*** Begin section ***

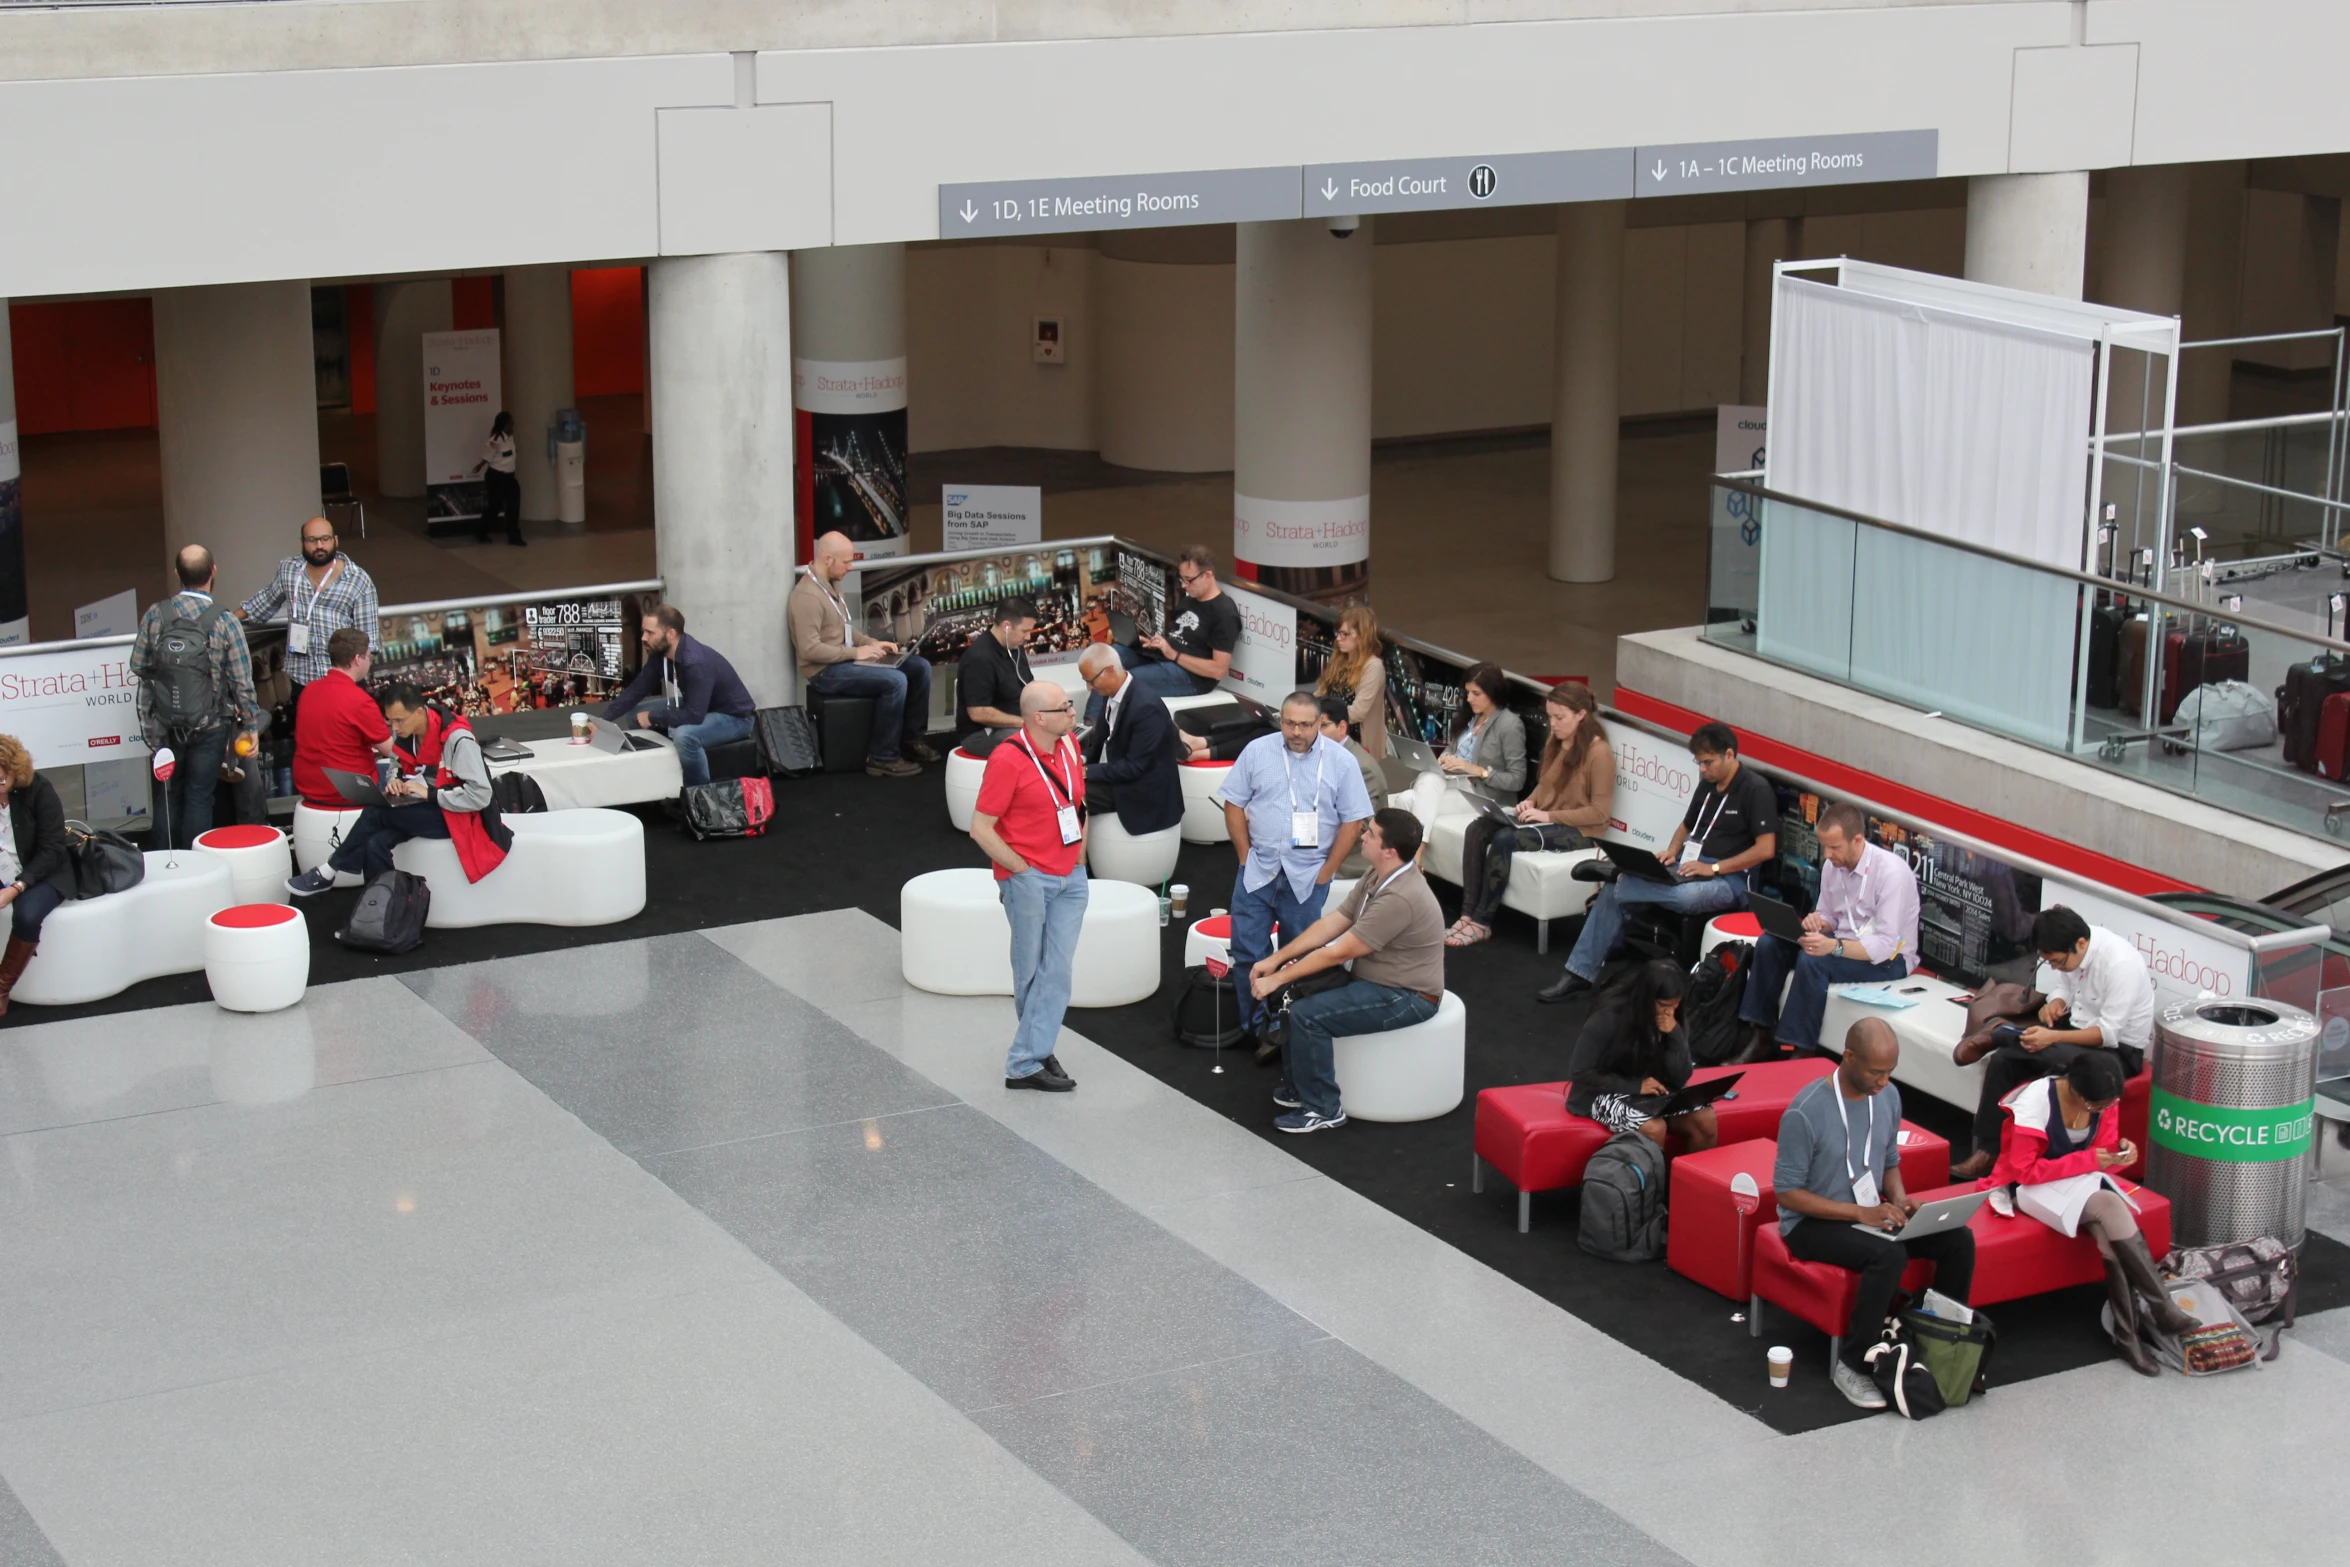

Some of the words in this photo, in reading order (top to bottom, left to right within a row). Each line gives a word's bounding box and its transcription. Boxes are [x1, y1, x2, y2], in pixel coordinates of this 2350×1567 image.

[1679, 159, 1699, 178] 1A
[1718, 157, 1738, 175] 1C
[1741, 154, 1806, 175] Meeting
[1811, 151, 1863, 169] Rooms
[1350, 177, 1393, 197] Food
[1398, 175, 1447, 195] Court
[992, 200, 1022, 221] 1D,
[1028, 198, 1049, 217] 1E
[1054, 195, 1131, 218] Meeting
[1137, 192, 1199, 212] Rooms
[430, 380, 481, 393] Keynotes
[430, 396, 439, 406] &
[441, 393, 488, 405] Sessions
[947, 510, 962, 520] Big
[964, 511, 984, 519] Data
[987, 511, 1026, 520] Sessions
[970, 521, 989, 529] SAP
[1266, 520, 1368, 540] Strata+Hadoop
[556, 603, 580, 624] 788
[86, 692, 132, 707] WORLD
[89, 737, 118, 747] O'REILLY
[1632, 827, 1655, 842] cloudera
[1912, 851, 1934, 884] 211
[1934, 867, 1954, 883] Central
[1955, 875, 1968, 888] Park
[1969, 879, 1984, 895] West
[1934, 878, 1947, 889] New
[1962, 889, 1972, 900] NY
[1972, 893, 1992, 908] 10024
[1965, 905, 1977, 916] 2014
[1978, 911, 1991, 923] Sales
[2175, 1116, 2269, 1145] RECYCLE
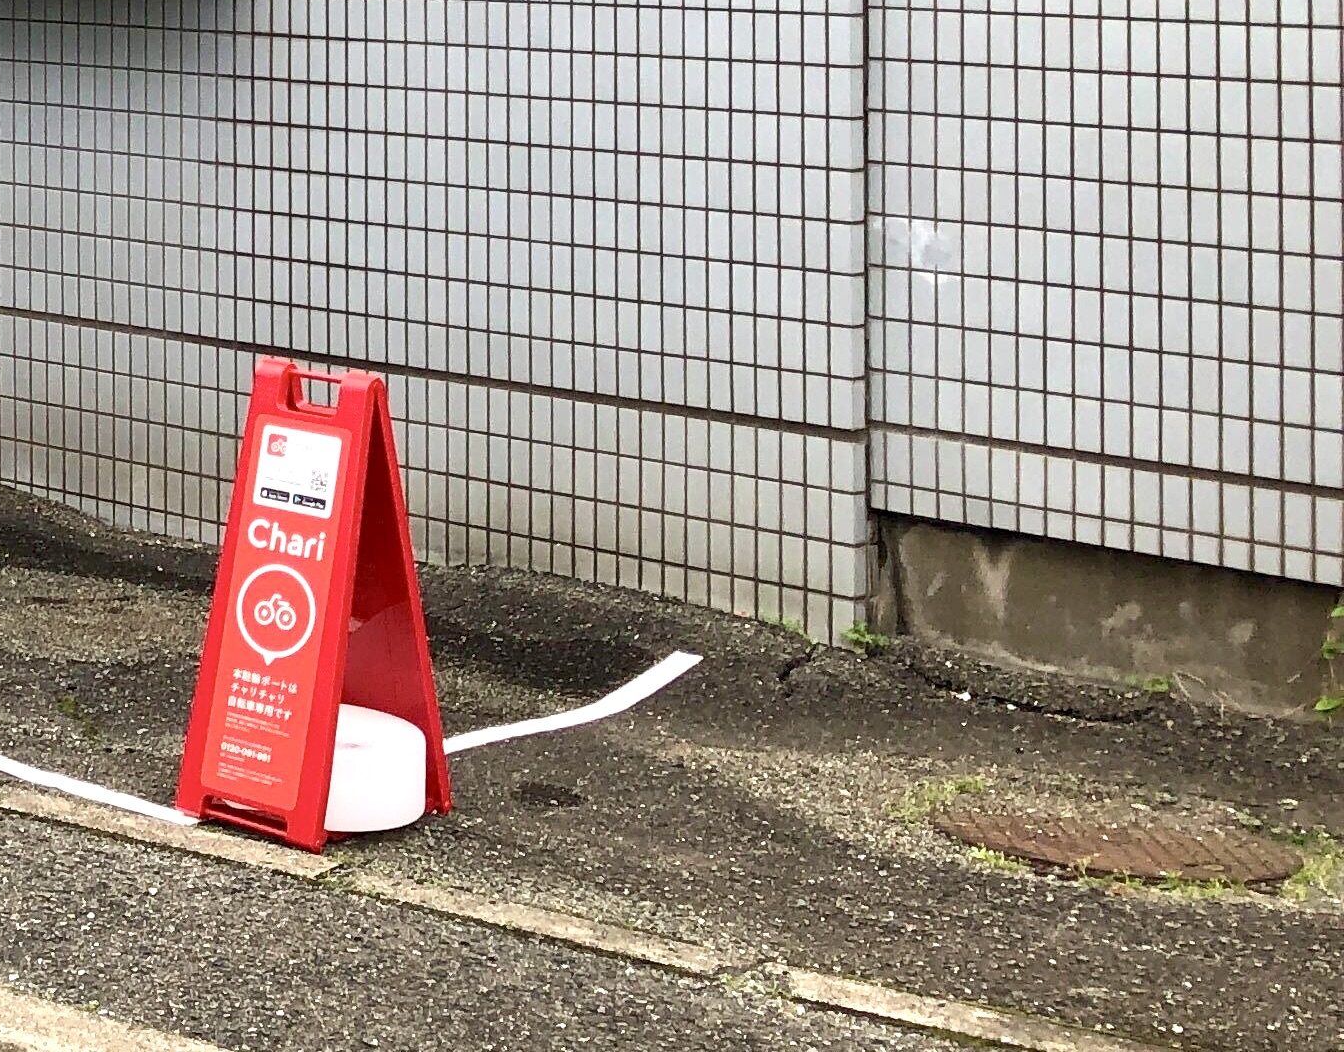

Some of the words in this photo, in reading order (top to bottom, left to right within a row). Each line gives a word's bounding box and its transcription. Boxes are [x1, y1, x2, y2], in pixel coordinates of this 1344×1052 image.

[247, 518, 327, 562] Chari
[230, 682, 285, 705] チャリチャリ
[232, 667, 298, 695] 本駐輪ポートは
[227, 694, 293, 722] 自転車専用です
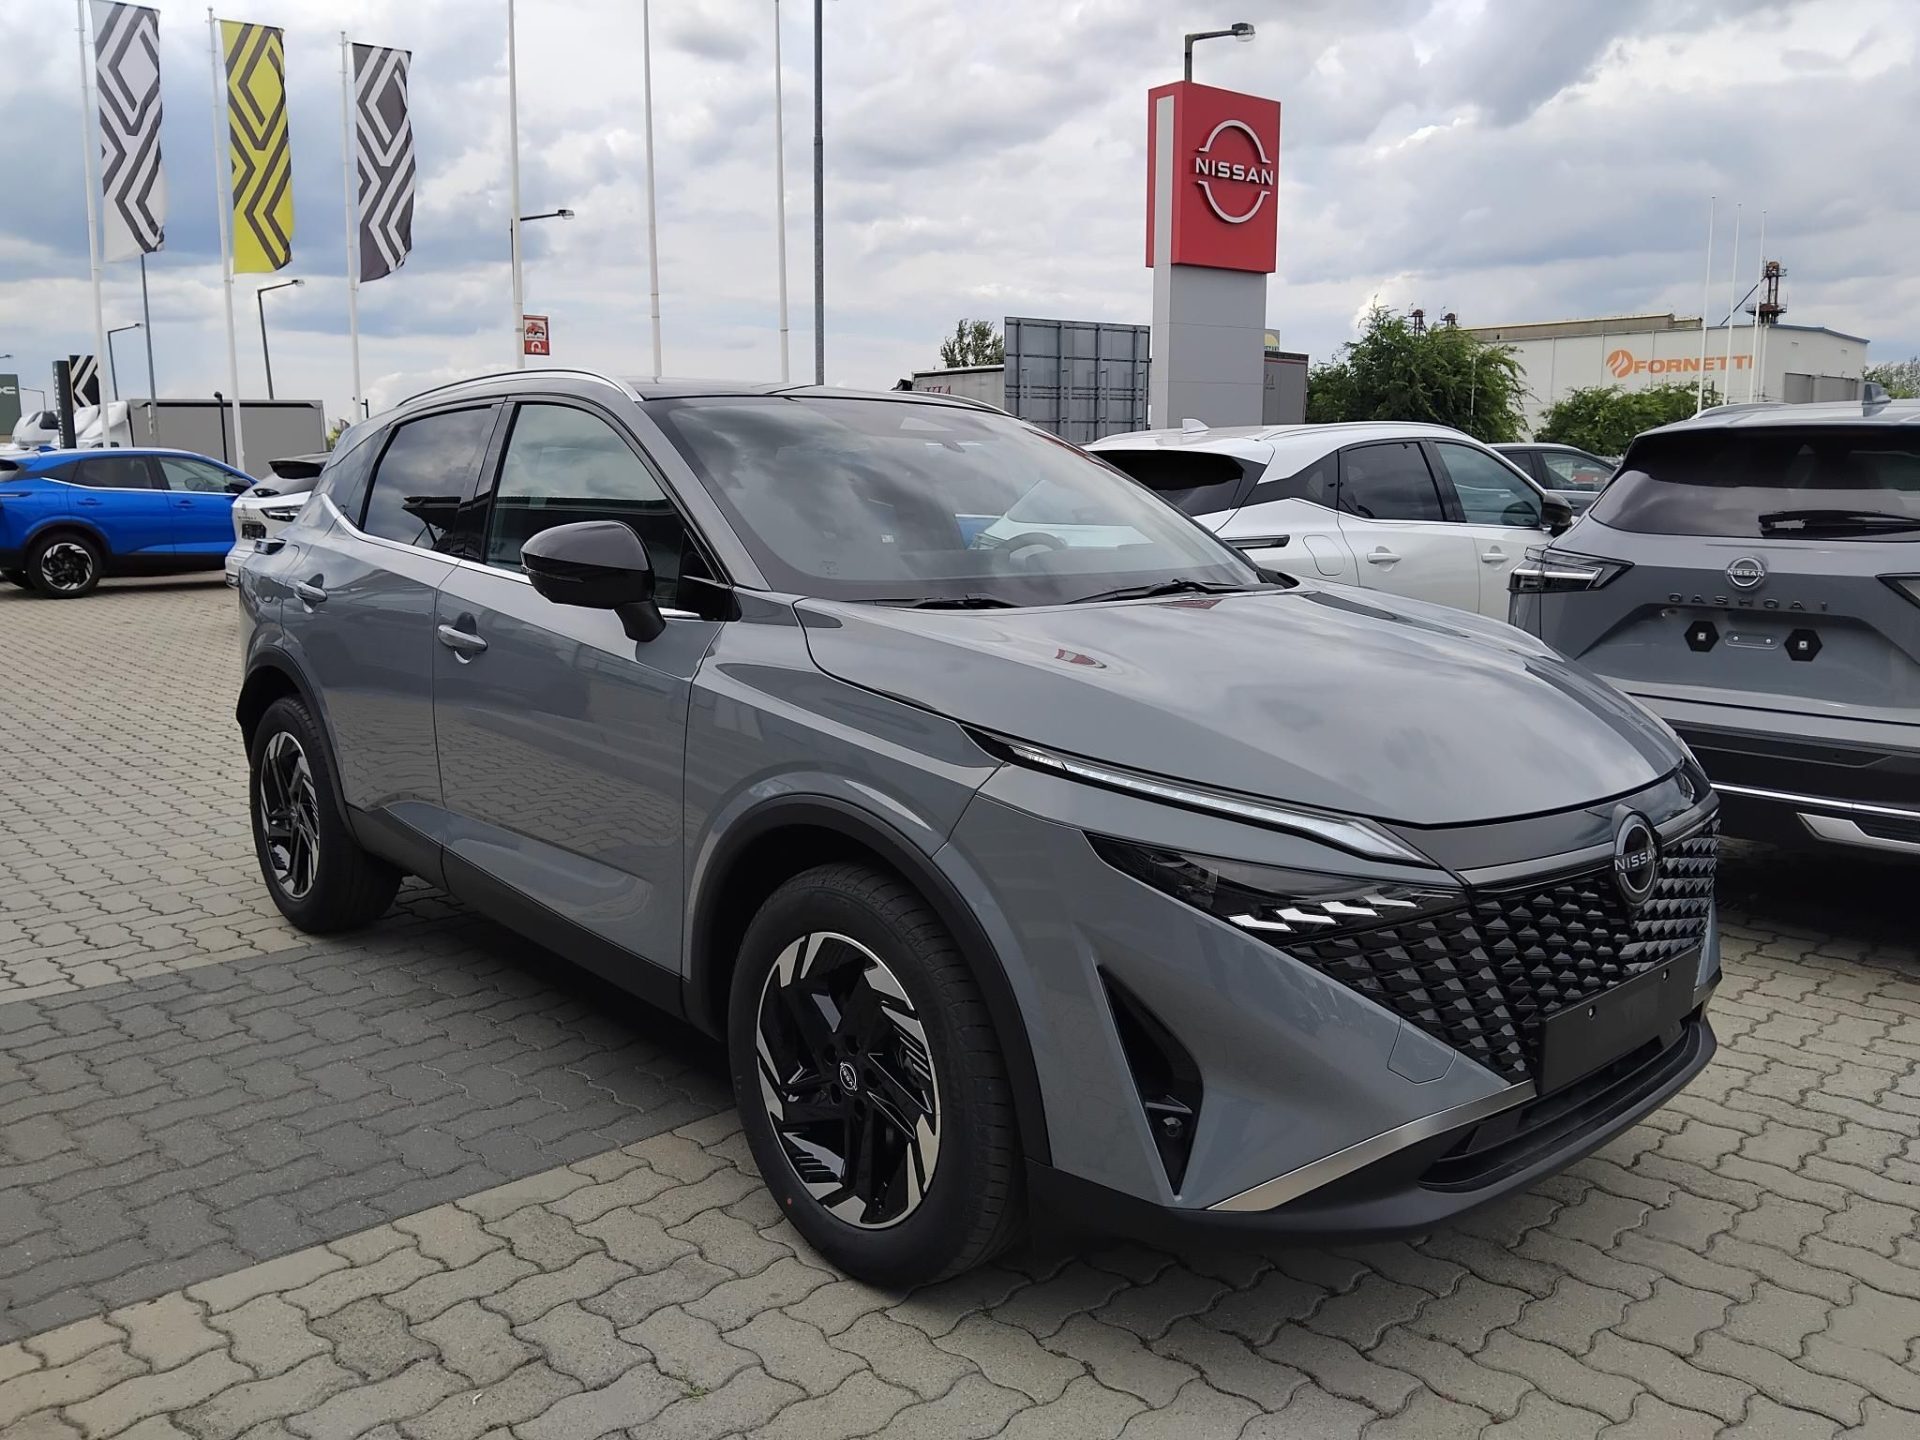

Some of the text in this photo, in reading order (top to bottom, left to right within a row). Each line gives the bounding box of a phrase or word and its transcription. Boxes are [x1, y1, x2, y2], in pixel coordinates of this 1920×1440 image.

*** End section ***

■ Instructions to follow
Return the listing above in full and without alteration, excluding its pictures.

■ Exercise output
Some of the words in this photo, in reading order (top to bottom, left to right within a row). Each line gives a word's bounding box and its transcription. Boxes are [x1, y1, x2, y2], in pixel coordinates of this 2350×1567 image.

[1679, 159, 1699, 178] 1A
[1718, 157, 1738, 175] 1C
[1741, 154, 1806, 175] Meeting
[1811, 151, 1863, 169] Rooms
[1350, 177, 1393, 197] Food
[1398, 175, 1447, 195] Court
[992, 200, 1022, 221] 1D,
[1028, 198, 1049, 217] 1E
[1054, 195, 1131, 218] Meeting
[1137, 192, 1199, 212] Rooms
[430, 380, 481, 393] Keynotes
[430, 396, 439, 406] &
[441, 393, 488, 405] Sessions
[947, 510, 962, 520] Big
[964, 511, 984, 519] Data
[987, 511, 1026, 520] Sessions
[970, 521, 989, 529] SAP
[1266, 520, 1368, 540] Strata+Hadoop
[556, 603, 580, 624] 788
[86, 692, 132, 707] WORLD
[89, 737, 118, 747] O'REILLY
[1632, 827, 1655, 842] cloudera
[1912, 851, 1934, 884] 211
[1934, 867, 1954, 883] Central
[1955, 875, 1968, 888] Park
[1969, 879, 1984, 895] West
[1934, 878, 1947, 889] New
[1962, 889, 1972, 900] NY
[1972, 893, 1992, 908] 10024
[1965, 905, 1977, 916] 2014
[1978, 911, 1991, 923] Sales
[2175, 1116, 2269, 1145] RECYCLE

Some of the words in this photo, in reading order (top to bottom, left to right within a row). Each line gives a word's bounding box and its transcription. Boxes are [x1, y1, x2, y2], in pixel coordinates of this 1344×1052 image.

[247, 518, 327, 562] Chari
[230, 682, 285, 705] チャリチャリ
[232, 667, 298, 695] 本駐輪ポートは
[227, 694, 293, 722] 自転車専用です

Some of the text in this photo, in reading order (top to bottom, left to right within a row). Each line gives the bounding box of a phrase or word and its transcription. Boxes are [x1, y1, x2, y2], in pixel coordinates of this 1920×1440 image.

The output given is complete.